Polícia

DUPLA ENTROSADA: “Messi” e “Neymar” comandam equipe de fábrica de armas e munições; entenda

DIVULGAÇÃO: PC-DF
Os supostos traficantes com os nomes dos craques comandavam uma equipe de fábrica que abastecia o crime  |   Bnews - Divulgação DIVULGAÇÃO: PC-DF
Gabriel Santana

por Gabriel Santana

Publicado em 13/03/2026, às 13h22



A operação “Drible Sujo” da Polícia Civil do Distrito Federal (PCDF), realizada pela 5ª Delegacia (Área Central), revelou um esquema de tráfico de drogas organizado como se fosse um time de futebol e suspeitos com nomes de craques atuavam para ampliar a ação ilícita.

Clique aqui e inscreva-se no canal do Bnews no YouTube.

As investigações apontam que os líderes da organização criminosa, conhecidos internamente pelos codinomes “Neymar” e “Messi”, atuavam para o funcionamento de uma fábrica clandestina de armas e munições, destinada a abastecer os próprios integrantes do grupo e também a revender armamentos para outros traficantes da região.

Os nomes verdadeiros dos dois suspeitos não foram revelados. A descoberta da ação  ilícita aconteceu durante o cumprimento dos mandados de busca e apreensão. Em alguns dos endereços, os policiais localizaram materiais e equipamentos que indicam a existência de uma estrutura dedicada à montagem e adaptação de armamentos.

Arsenal pesado

Durante a ação, as equipes da PCDF apreenderam centenas de munições, além de armamento de grosso calibre, como fuzis, pistolas e escopetas. De acordo com o Portal Metrópoles, o material seria usado tanto para proteger os pontos de venda de drogas da organização quanto para abastecer outros grupos criminosos, o que aumentaria o alcance do negócio ilícito.

A polícia apura também se a produção e adaptação das armas acontecia dentro da própria  estrutura da organização ou se havia colaboração de terceiros especializados em armamento.

Divulgação PC-DF
Divulgação PC-DF

Semelhança com o futebol no funcionamento

O sistema do esquema seguia de forma semelhante ao futebol. Os integrantes conhecidos como atletas eram os responsáveis por realizarem a logística da droga, além de ter acesso  ao armamento para atuar na proteção das operações e no transporte dos entorpecentes.

Com diversos setores além das armas e munições, os policiais apreenderam celulares, documentos, dinheiro vivo e outros materiais que devem ajudar nas investigações.
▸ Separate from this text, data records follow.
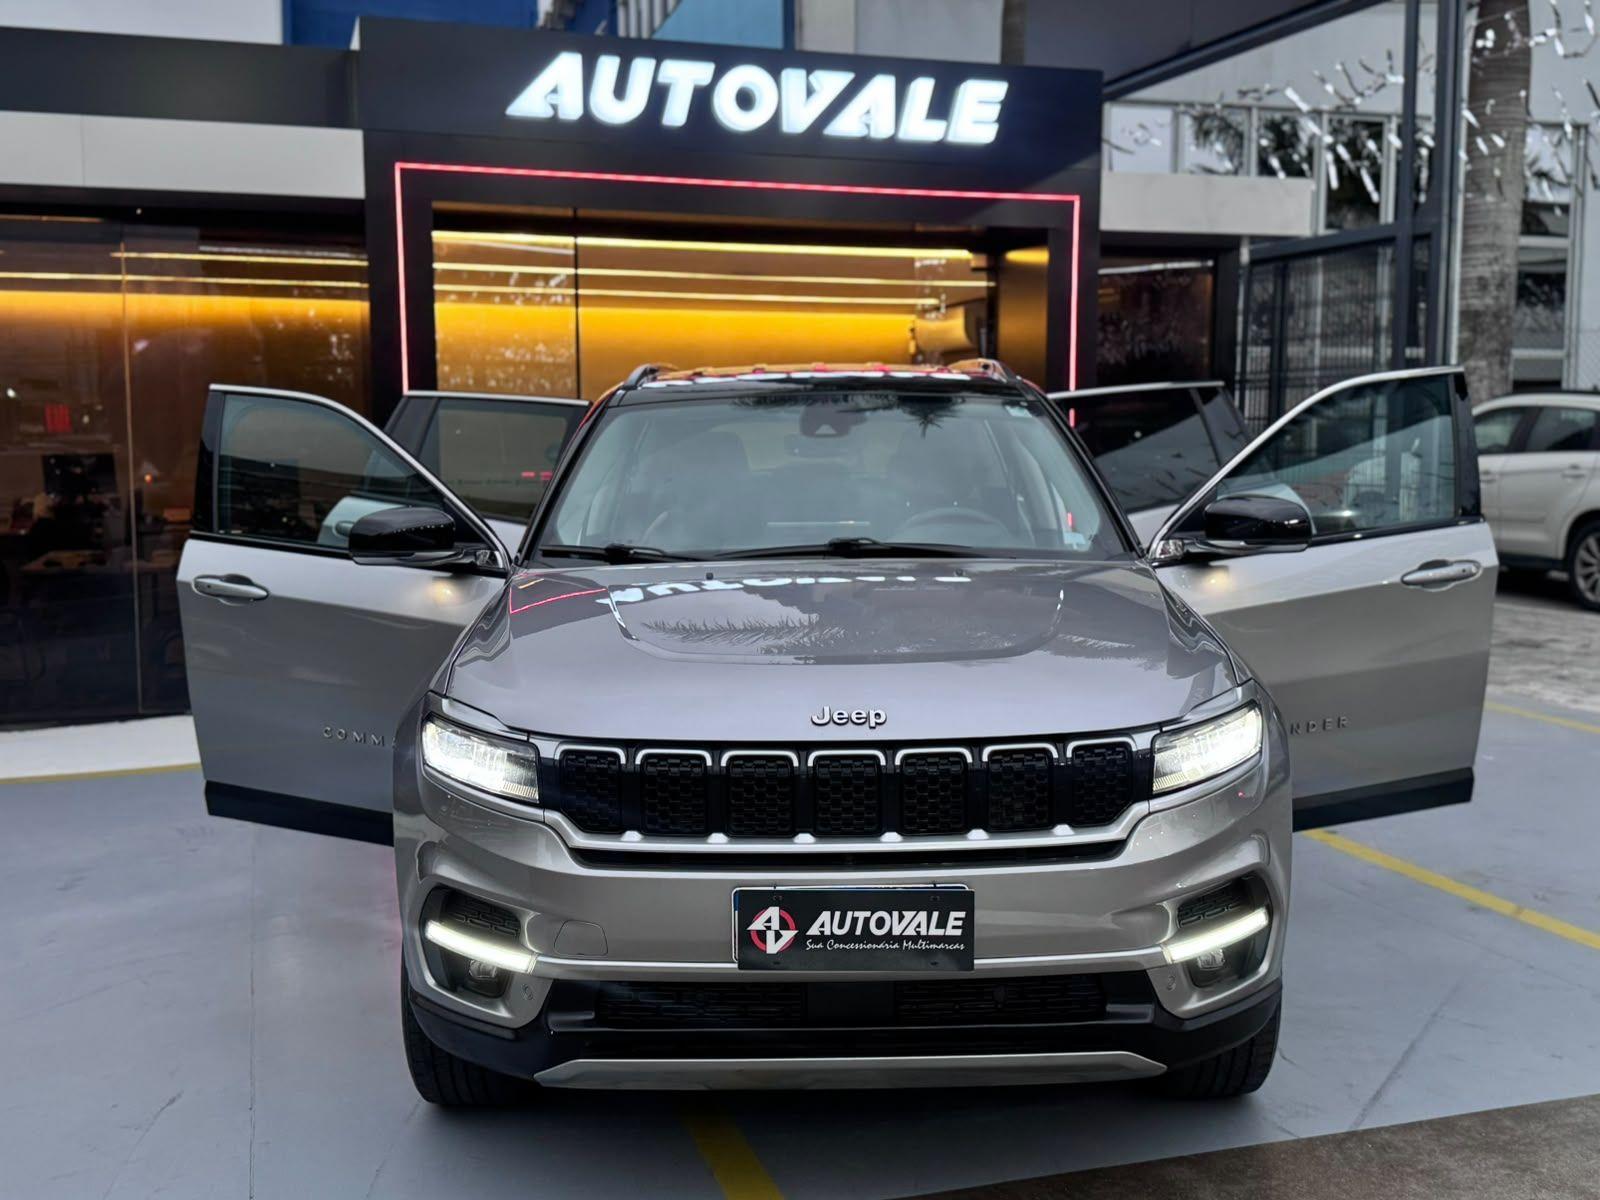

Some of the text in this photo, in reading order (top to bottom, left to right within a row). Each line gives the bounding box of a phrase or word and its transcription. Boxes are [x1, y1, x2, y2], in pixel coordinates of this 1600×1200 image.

[505, 50, 1009, 145] AUTOVALE
[811, 706, 887, 729] Jeep
[323, 726, 396, 748] COMM
[806, 911, 966, 936] AUTOVALE
[806, 939, 824, 950] Sua
[902, 939, 965, 950] Multimarcas
A Polícia Civil (PC) não descarta a possibilidade de que outros integrantes ainda não identificados participem da rede de distribuição de armas.

Com o avanço da investigação, a expectativa é reunir novas provas que permitam responsabilizar todos os envolvidos de forma criminal e interromper definitivamente as atividades do grupo.